Appelée sayyidunâ (« notre dame ») par les musulmans, Marie (Maryam, en arabe) est citée à 34 reprises dans le Coran – plus que dans tout le Nouveau Testament. Le texte fondateur de l’islam lui consacre même une sourate entière, la sourate 19 dite « sourate de Marie ».
« Marie n’est donc pas une inconnue pour les musulmans », souligne le P. Maurice Borrmans, ancien enseignant à Institut pontifical d’études arabes et d’islamologie (Pisai), qui résume ce que les différents passages coraniques rapportent à son sujet : « Le Coran dit d’elle que sa mère, la femme de ‘Imrân, l’a consacrée à Dieu dès sa naissance (3, 35-36), que Zacharie s’est occupé de son éducation “dans le sanctuaire” (3, 37), qu’elle a reçu “bonne nouvelle” d’une “parole” lui venant de Dieu (3, 45), qu’elle est donc devenue enceinte sans concours d’homme “sous l’action de l’esprit de Dieu” (3, 47 ; 19, 20-21), qu’elle a accouché de son fils au pied d’un palmier, au désert, palmier qui l’a gratifiée de dattes fraîches et d’une eau désaltérante (19, 25-26), qu’elle a présenté son bébé “aux siens” répondant par un “jeûne du silence” à leurs accusations de prostitution (19, 26-28), qu’elle est donc “avec son fils, un signe pour les mondes” (23, 50 ; 21,91) et, pour son compte personnel, “un modèle pour les croyants parce qu’elle a préservé sa virginité, si bien que Dieu a insufflé en elle de Son esprit, parce qu’elle a déclaré véridiques les paroles et les livres de Dieu et parce qu’elle a été du nombre des personnes pieuses” (66, 12). »

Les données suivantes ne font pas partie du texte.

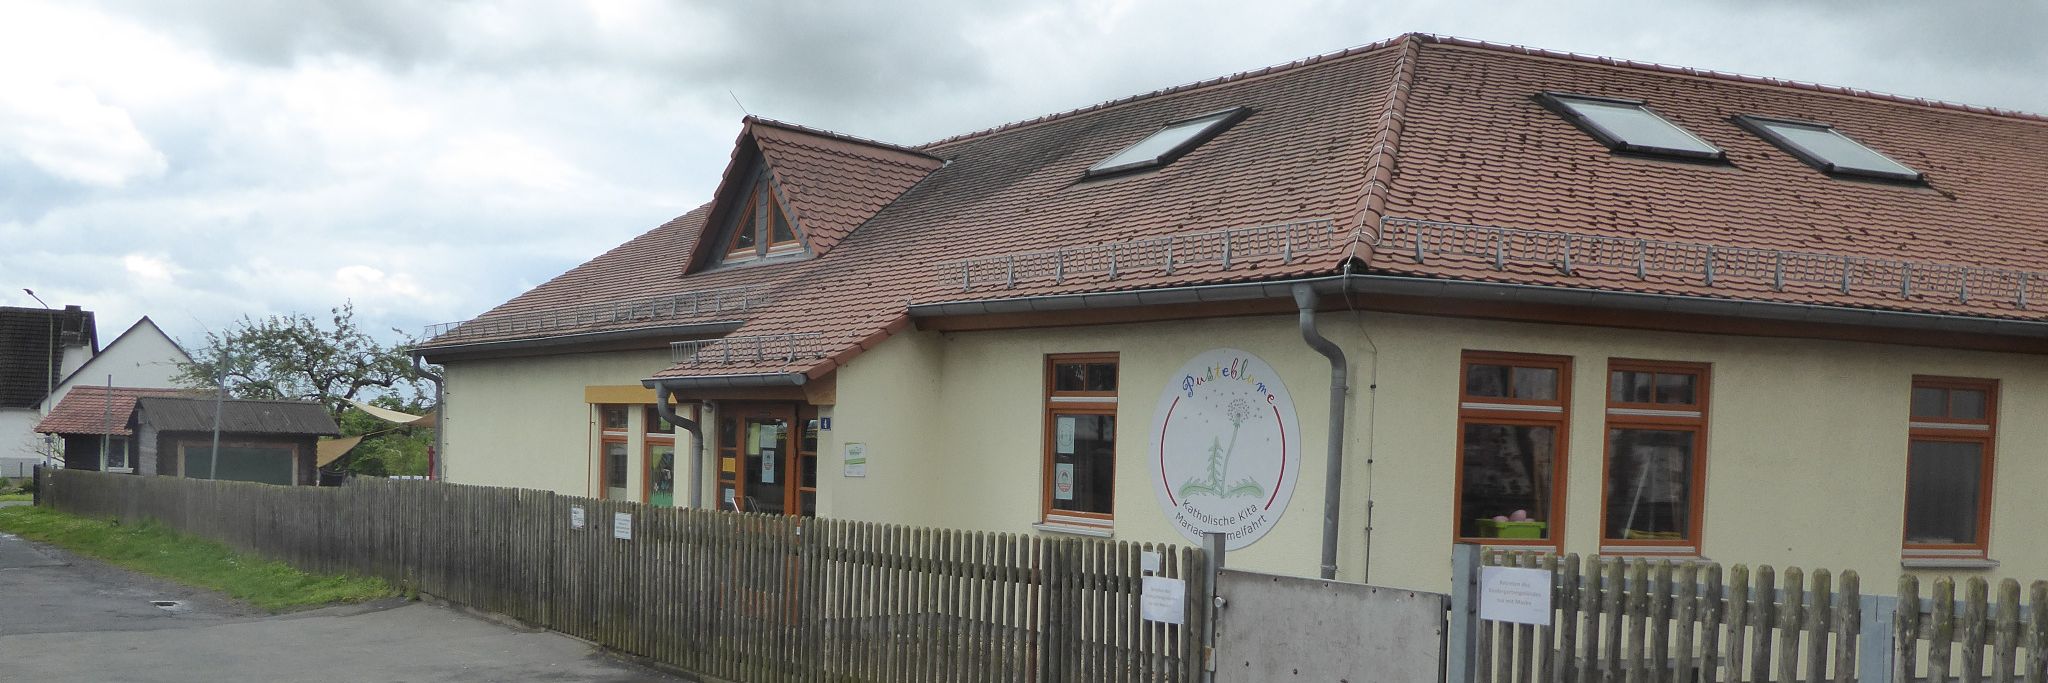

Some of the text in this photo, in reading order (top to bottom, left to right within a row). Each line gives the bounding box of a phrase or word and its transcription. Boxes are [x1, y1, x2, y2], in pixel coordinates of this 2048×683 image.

« Nulle autre femme n’a dans le Coran de tels privilèges », explique le P. Borrmans. Aucune autre femme n’y est d’ailleurs nommément citée : ni Âmina, mère du prophète Mohammed, ni sa première épouse Khadîja, son épouse préférée ‘Â’isha, ou sa fille Fâtima. « Même si un hadîth postérieur les cite à égalité avec Marie », complète le P. Borrmans. Signe de cette place éminente de Marie dans l’islam, Al-Azraqî, historien de La Mecque du IXe siècle, raconte que, quand Mohammed ordonna de purifier la Ka’aba des idoles, il protégea de sa main un portrait de Marie et Jésus : « Effacez toutes les peintures de ce mur sauf celle-ci », ordonna-t-il.
► Quelle différence avec le christianisme ?
Si le texte du Coran sur Marie ne correspond pas totalement avec les récits de la Nativité dans les Évangiles canoniques, tous les détails cités ont des correspondances avec des textes apocryphes et des traditions palestiniennes, notamment Le Protévangile de Jacques, un texte du IIe siècle qui a eu un succès considérable dans l’Orient chrétien et a influencé de nombreuses traditions chrétiennes, ou L’Évangile du Pseudo-Matthieu, un évangile de l’enfance de la fin du VIe siècle-début du VIIe siècle, soit juste avant Mohammed… « Le Coran reflète les positions de Mohammed et de ses disciples sur Jésus et son identité, sur Marie, sur les affirmations des chrétiens, ce qu’on peut accepter, ce qu’on peut tolérer, ce qu’on doit rejeter », explique Suleiman Ali Mourad, professeur de religion au Smith College (1).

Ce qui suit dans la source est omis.